If "pleasant" behavior is desirable then, IMHO, the right solution is to standardize the behavior so that applications can be written against the standard and not one particular implementation.

If you think so, go ahead and work on standardizing pleasant behaviours. But as mentioned, there is the issue of constrained systems where you cannot afford the pleasantness. One solution is to specify several levels of the standard. The minimal level allows unpleasantness that is reasonable on constrained systems; a higher level specifies more pleasantness. However, if you have unreasonable implementors in the standards committee, you will be out of luck in your standardization effort.

Concerning reporting when undefined behaviour is performed, that's a relatively pleasant way to deal with the situation. It's not appropriate when the application developer actually wants to rely on a specific behaviour and does not want to "fix" it, but it certainly makes it clear that your implementation is not pleasant enough to run this application.

In the end, an application which relies on a specific implementation of undefined behavior, pleasant or unpleasant, is broken.

No, it isn't. If it behaves as intended in a specific setting, it's working, not broken. It may be unportable, but that does not make it broken.

since the application is not in compliance with the standard, one cannot prove that it will work on any standard-compliant system

Most programmers do not formally verify their programs, but instead test them. There is no way to prove that a program is in compliance with a standard by testing, even if the programmer intends to avoid undefined behavior. But even the few programmers that actually use formal verification for their programs cannot prove that their programs comply with most standard (e.g., POSIX), because most standard are not formally specified. So this whole proof issue is a red herring.

including future versions of the same system.

Any system worth using (e.g., Linux) maintains in future versions the pleasantness it has supported in earlier versions.

PostgreSQL's fsync() surprise

Posted Apr 26, 2018 17:06 UTC (Thu) by zlynx (guest, #2285) [Link]

> Any system worth using (e.g., Linux) maintains in future versions the pleasantness it has supported in earlier versions.

No, because that is an unreasonable limit.

Simply because of implementation limits, ext3 serialized file and directory updates in a certain way and for many years. So people got used to it. But it never applied to ext2, XFS or FAT or literally ANY other filesystem. Not to mention BSD's UFS or Hammer2, or Apple's HFS. Heck, it didn't even apply to ext3 in certain configurations.

And then people tried to require that ext4 work the same way. And btrfs. And even wanted to go back to force XFS to work that way too.

The correct answer is to fsync() everything, which would show how bad ext3 was at that particular operation. All those fsyncs make things slower for people using ext3, but that does not mean fsync is the wrong answer. It just means ext3 was a filesystem with a terrible fsync() implementation that people got used to using.

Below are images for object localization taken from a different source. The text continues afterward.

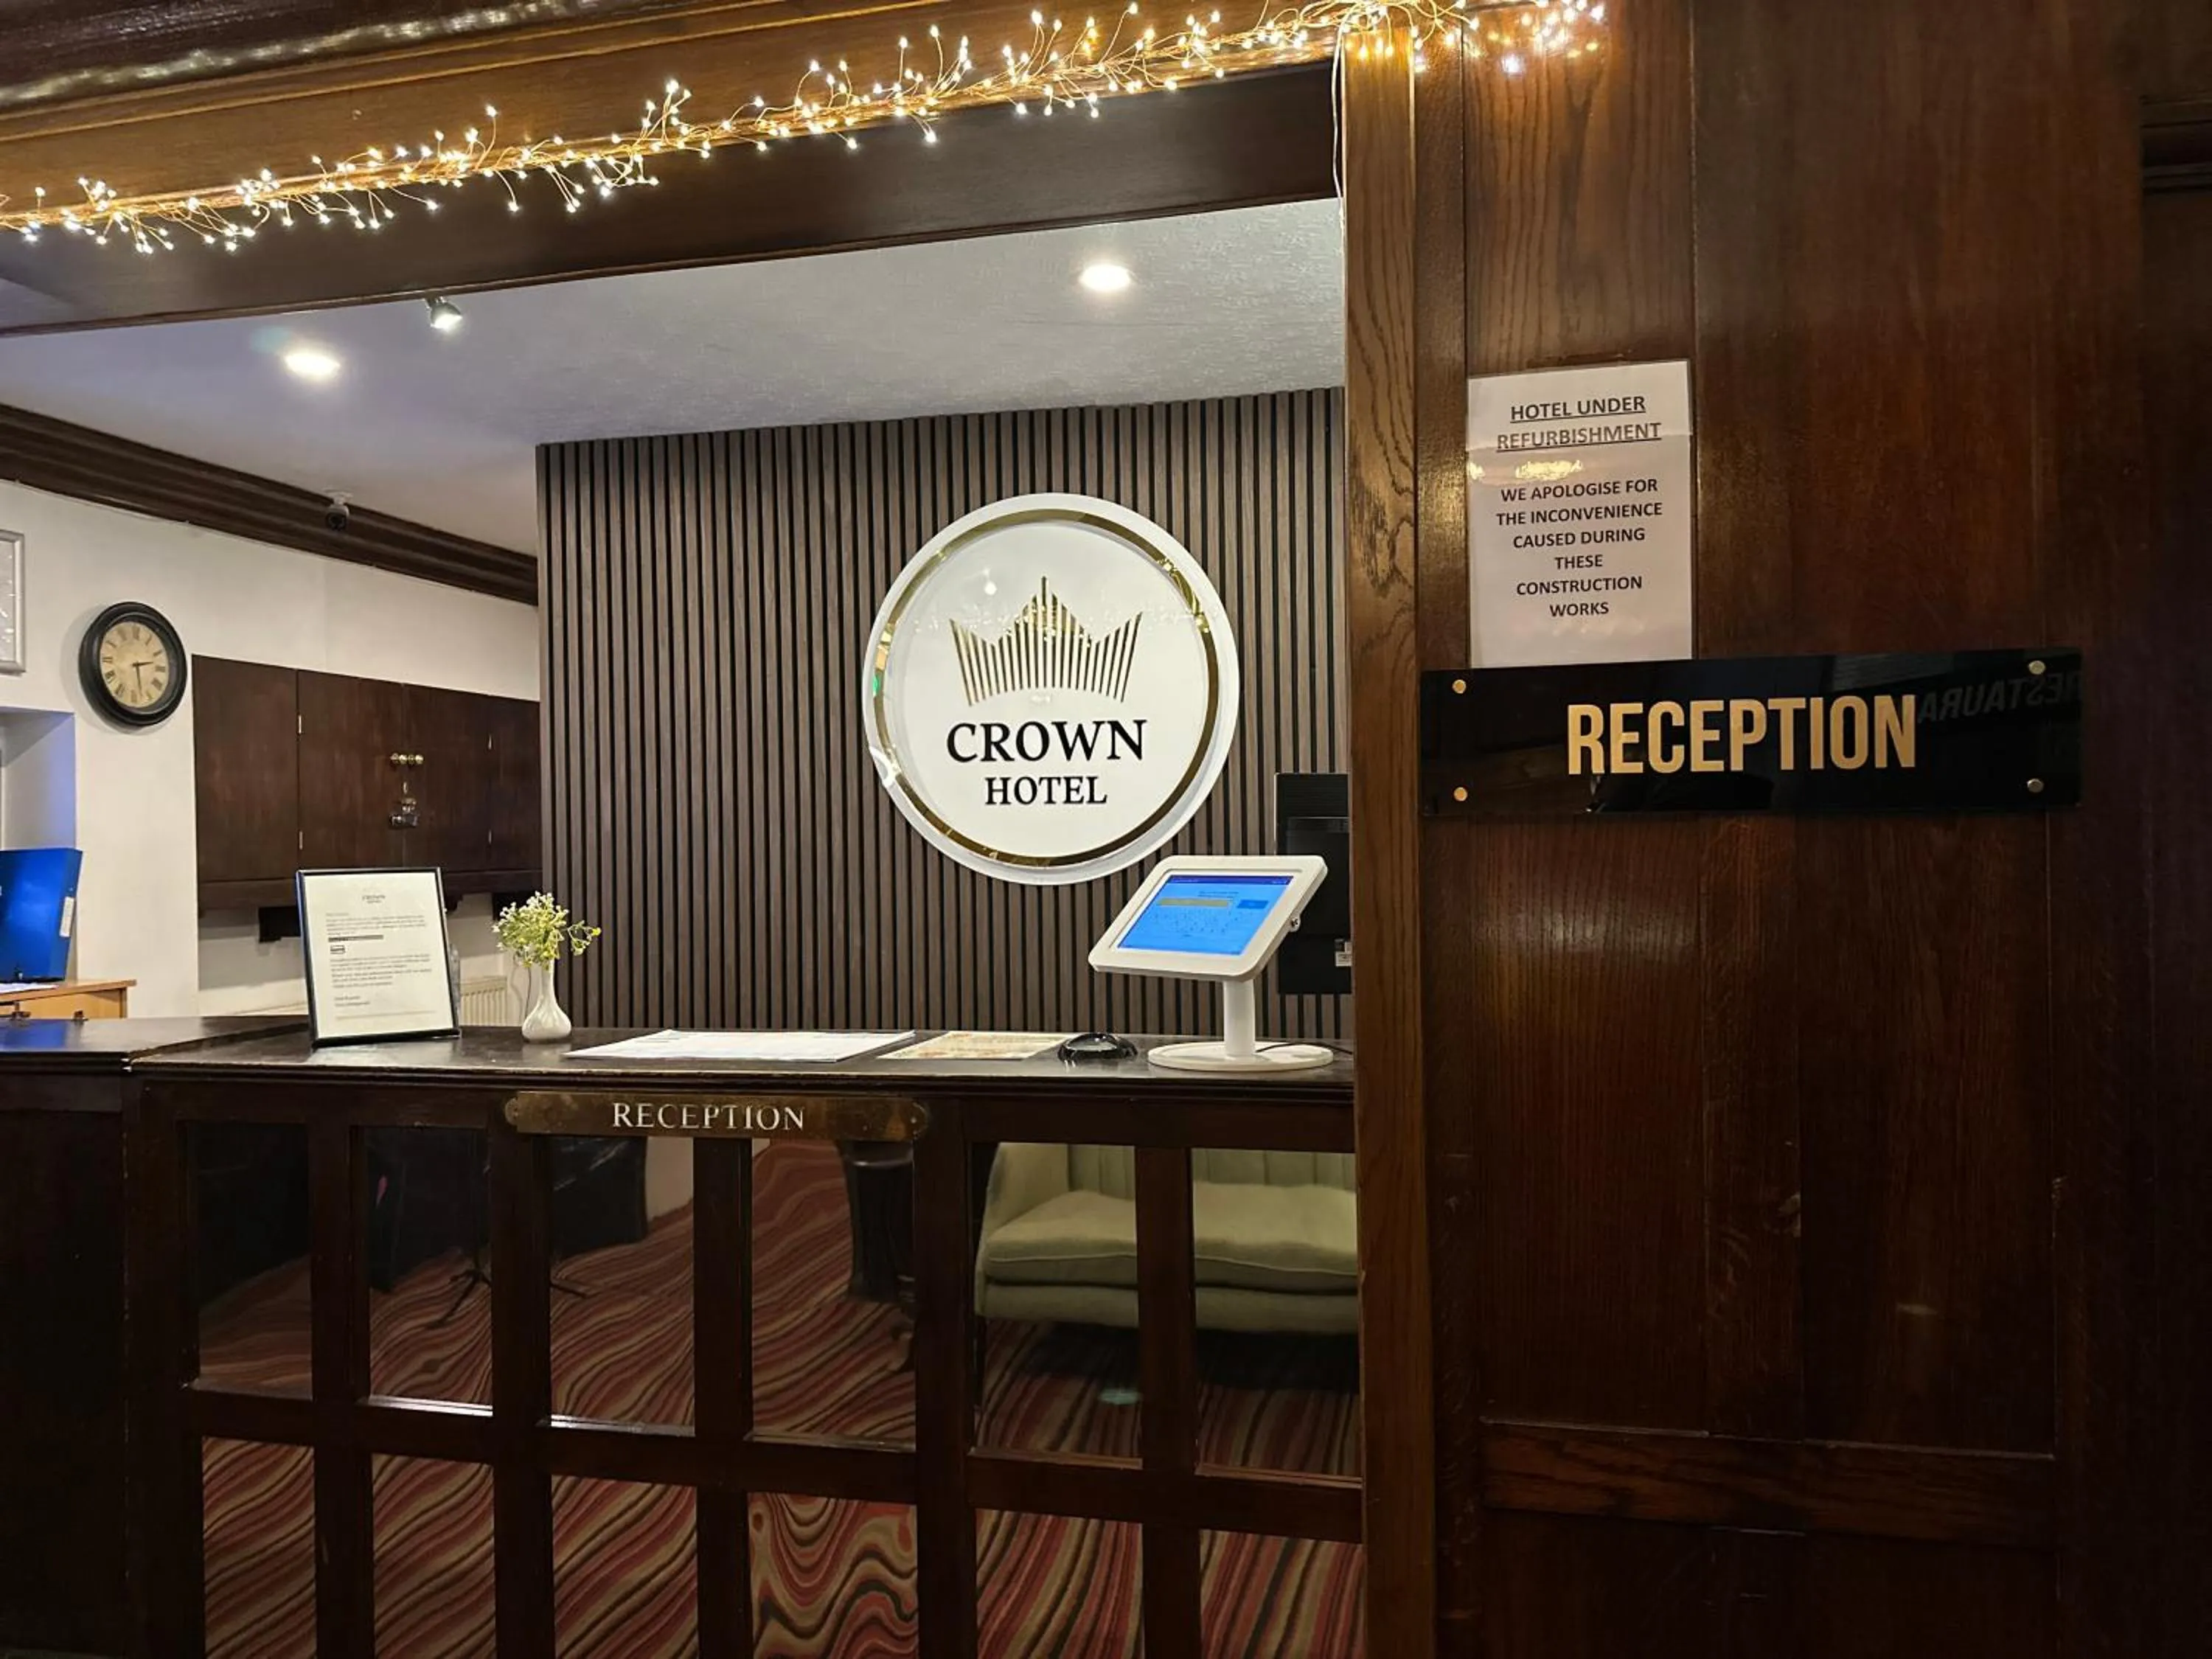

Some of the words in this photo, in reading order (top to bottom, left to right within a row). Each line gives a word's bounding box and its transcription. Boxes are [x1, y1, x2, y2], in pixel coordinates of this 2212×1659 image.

[1510, 402, 1571, 421] HOTEL
[1577, 396, 1646, 416] UNDER
[1496, 422, 1662, 451] REFURBISHMENT
[1500, 487, 1526, 502] WE
[1531, 481, 1621, 501] APOLOGISE
[1625, 479, 1658, 493] FOR
[1496, 511, 1526, 526] THE
[1531, 502, 1663, 524] INCONVENIENCE
[1513, 532, 1576, 549] CAUSED
[1580, 527, 1646, 545] DURING
[1554, 554, 1604, 570] THESE
[1517, 576, 1643, 596] CONSTRUCTION
[1550, 602, 1610, 617] WORKS
[947, 719, 1147, 763] CROWN
[1568, 695, 1916, 775] RECEPTION
[985, 776, 1107, 805] HOTEL
[612, 1102, 804, 1130] RECEPTION
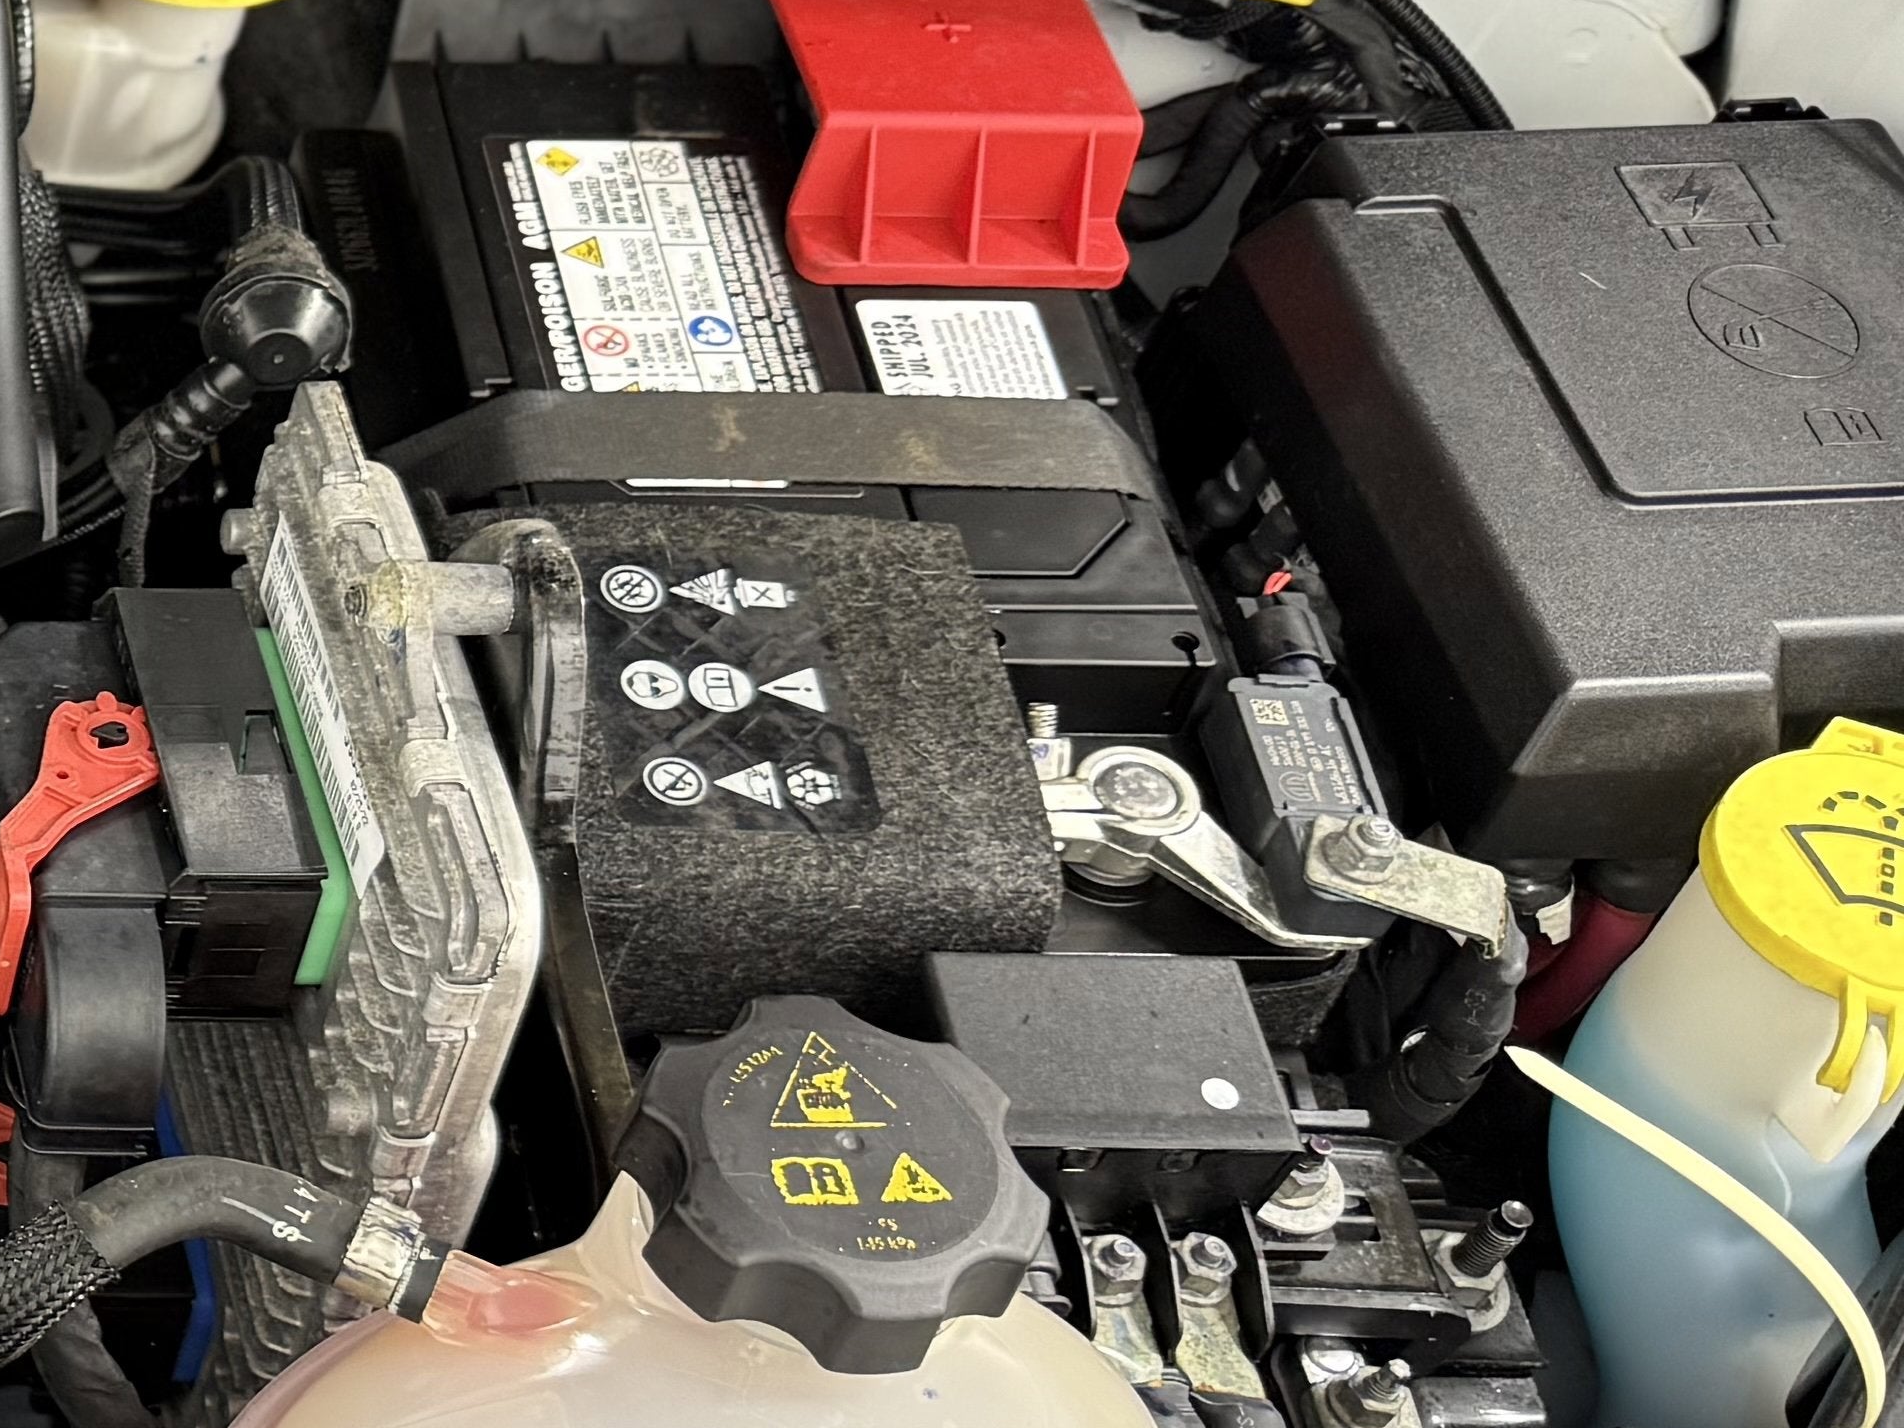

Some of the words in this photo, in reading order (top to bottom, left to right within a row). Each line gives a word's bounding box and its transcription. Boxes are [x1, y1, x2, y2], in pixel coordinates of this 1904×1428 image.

"Pleasant behavior" is often simply what programmers have become used to. It doesn't make it correct or actually pleasant.

PostgreSQL's fsync() surprise

Posted Apr 26, 2018 22:42 UTC (Thu) by nybble41 (subscriber, #55106) [Link]

> It would be *potentially* non-portable, not necessarily. It would become actually non-portable if an unpleasant implementation appears.

See, you're talking about level 2 (particular implementations). Portable program *design* happens at level 3 (design/logic). If your program relies on behavior which is undefined according to the standard then it is non-portable, regardless of whether other implementations behave the same way. You can't say "this program works on any POSIX-compatible system", for example. You know that it works on Linux version X and maybe BSD version Y, but if someone puts together a new OS which follows all the relevant standards neither you nor they can be confident that your program will work on it unmodified.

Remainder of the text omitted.